- [Problem statement]
If an entry holds a picture, drop the picture and restate the rest word for word.

- [Records provided]
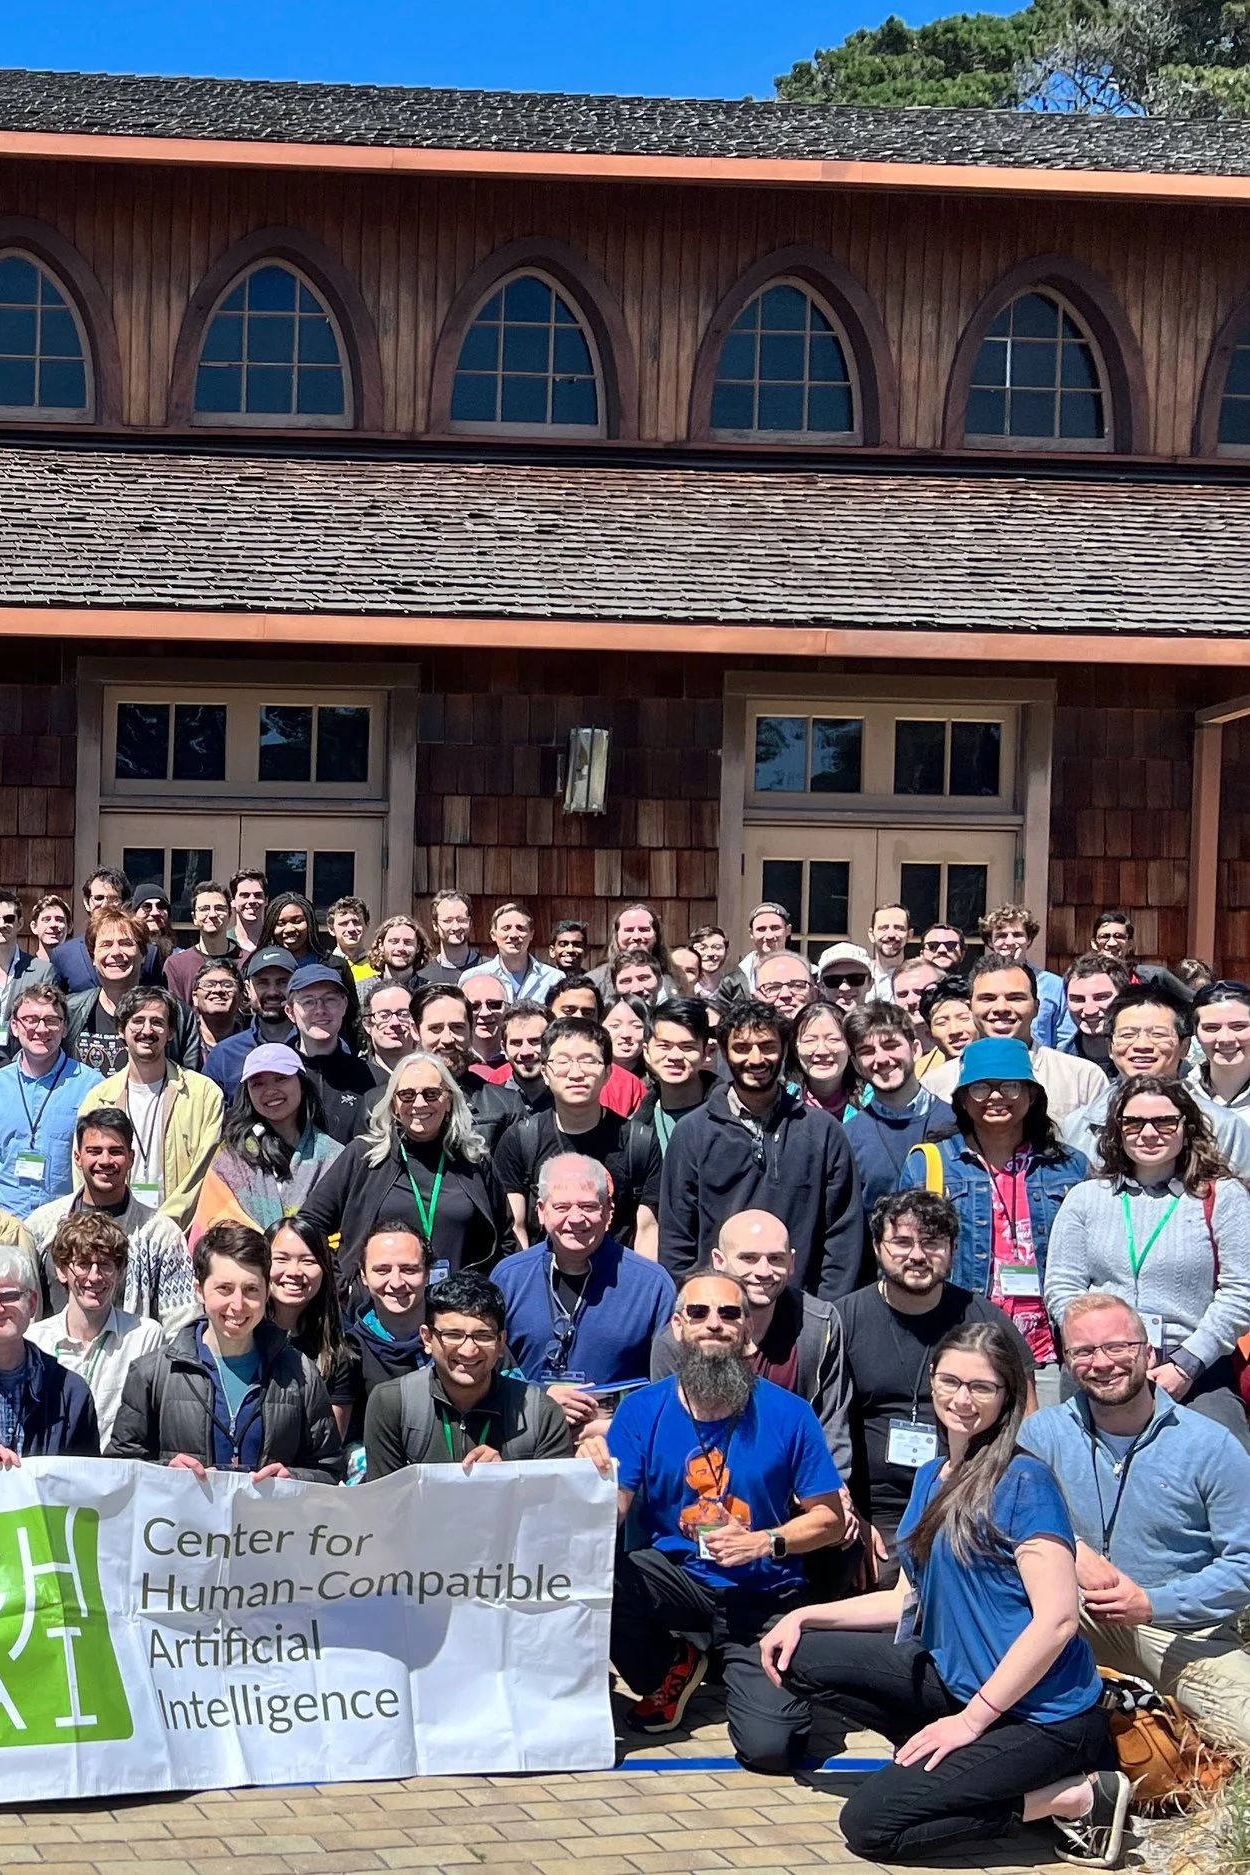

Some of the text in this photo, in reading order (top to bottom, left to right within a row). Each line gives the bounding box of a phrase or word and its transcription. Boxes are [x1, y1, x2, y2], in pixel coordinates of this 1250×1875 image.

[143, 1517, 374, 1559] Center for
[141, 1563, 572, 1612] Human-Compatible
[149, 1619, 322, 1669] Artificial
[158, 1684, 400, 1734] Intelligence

- [Reply]
Some of the text in this photo, in reading order (top to bottom, left to right within a row). Each line gives the bounding box of a phrase or word and its transcription. Boxes are [x1, y1, x2, y2], in pixel coordinates of this 1250×1875 image.

[143, 1517, 374, 1559] Center for
[141, 1563, 572, 1612] Human-Compatible
[149, 1619, 322, 1669] Artificial
[158, 1684, 400, 1734] Intelligence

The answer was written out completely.